Cross-posted with extensive appendices at www.justice-integrity.org
Republican money-man and strategist Karl Rove deflected a Fox News interviewer's questions about his financing this week with a lie-filled rant about Robert Bauer, President Obama's counsel, and Alabama corruption-fighter Dana Jill Simpson.
Rove
falsely told the Fox News audience that Bauer represented Simpson when
she alleged in 2007 that former Alabama Gov. Don Siegelman was framed by
the Bush Justice Department. In fact, Bauer's name never previously
surfaced in arguably the most prominent and notorious federal domestic
prosecution of the decade. Rove is shown above in his official photo as a Bush White House senior advisor from 2001 to 2007.
Simpson, portrayed below in a 2008 CBS 60 Minutes show, denies she ever met Bauer, much less hired him.

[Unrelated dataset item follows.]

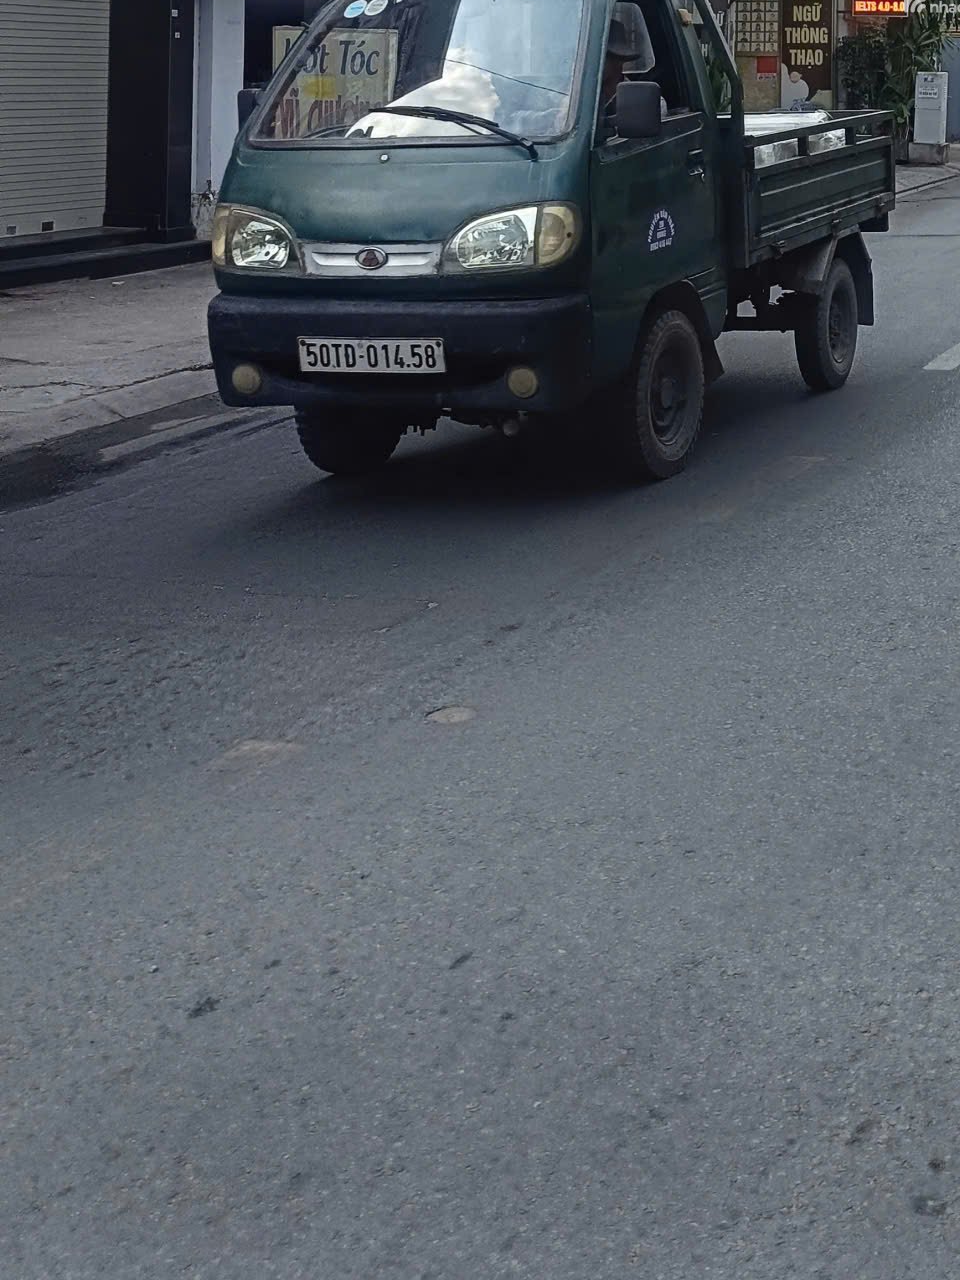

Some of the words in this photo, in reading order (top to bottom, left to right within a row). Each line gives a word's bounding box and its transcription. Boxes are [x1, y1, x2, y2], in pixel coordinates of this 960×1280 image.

Fox "On the Record" interviewer Greta Van Susteren listened without challenge as Rove repeated his lies about Simpson, Bauer and Siegelman. Rove was responding to her question on whether the GOP-oriented Crossroads GPS deserves tax-exempt status. The group has overlapping leadership with American Crossroads, which Rove co-founded.
The falsity of Rove's statements regarding the Siegelman case is obvious to those who have followed it and similar abusive prosecutions by the Justice Department nationwide stemming from the unprecedented political purge in 2006 of nine of the nation's 93 U.S. attorneys. The specifics are below in a transcript of Rove's Fox interview, augmented by the commentary of Alabama journalist Glynn Wilson, a pioneering reporter on the scandals.
Rove's motives are even more intriguing at this point than the specifics of his false statements regarding Siegelman's prosecution, which the U.S. Supreme Court this month affirmed with no appellate review of Rove's reputed role. Siegelman is scheduled for resentencing Aug. 3 on corruption charges.
Rove's untruthfulness this week seems far from irrational. He could land in trouble if subjected for the first time to a thorough investigation. His peace of mind on June 20, the day of his Fox interview, could not have been helped by a protest march that day by attendees of the annual Campaign For America's Future convention. They marched to the U.S. Chamber of Commerce offices to demand that federal authorities arrest Rove. The protest was symbolic, with no charges specified.
In
a similar vein, Rove critics active in the blogo-sphere have been
claiming over the past week that one of Rove's colleagues is an ex-con
who might be outed soon in a sex scandal. This is part of the ongoing
back-and-forth war of nerves that political activists wage continually
against one another, with lawsuits and claims of outrage by each side.
In this context, it made sense for Rove to deflect attacks by claiming to Fox listeners that he has been cleared from any suspicions by previous investigations -- and that critics are partisans allied unfairly against him.
The full story of the Siegelman case involves, in my opinion, financial, legal, national security, sex, drug and political scandals implicating many high-level officials. Among the latest developments are claims against Siegelman's judge by his estranged wife. She alleges adultery and other misconduct in a case being kept secret from the public under what appears to be an unstated but important legal principle decisive in the circuit court of Montgomery, Alabama: that judges are above the law, and not subject to ordinary scrutiny during litigation.
The full story of this 13-year prosecution is too long to describe with all detail in today's column, even with links pointing to the supporting evidence we have previously published.
So, my focus today is on Rove's attack, which partly overlaps with my work as a Washington-based attorney and investigative reporter. In September 2007, for example, I met Simpson and her Alabama-based attorney Priscilla Black Duncan when they came to Washington for Simpson's testimony before House Judiciary Committee staff. I knew enough about her civic crusade to warn that authorities and journalists alike tend to abuse whistle-blowers. That proved true for her, as for many others in the Siegelman case.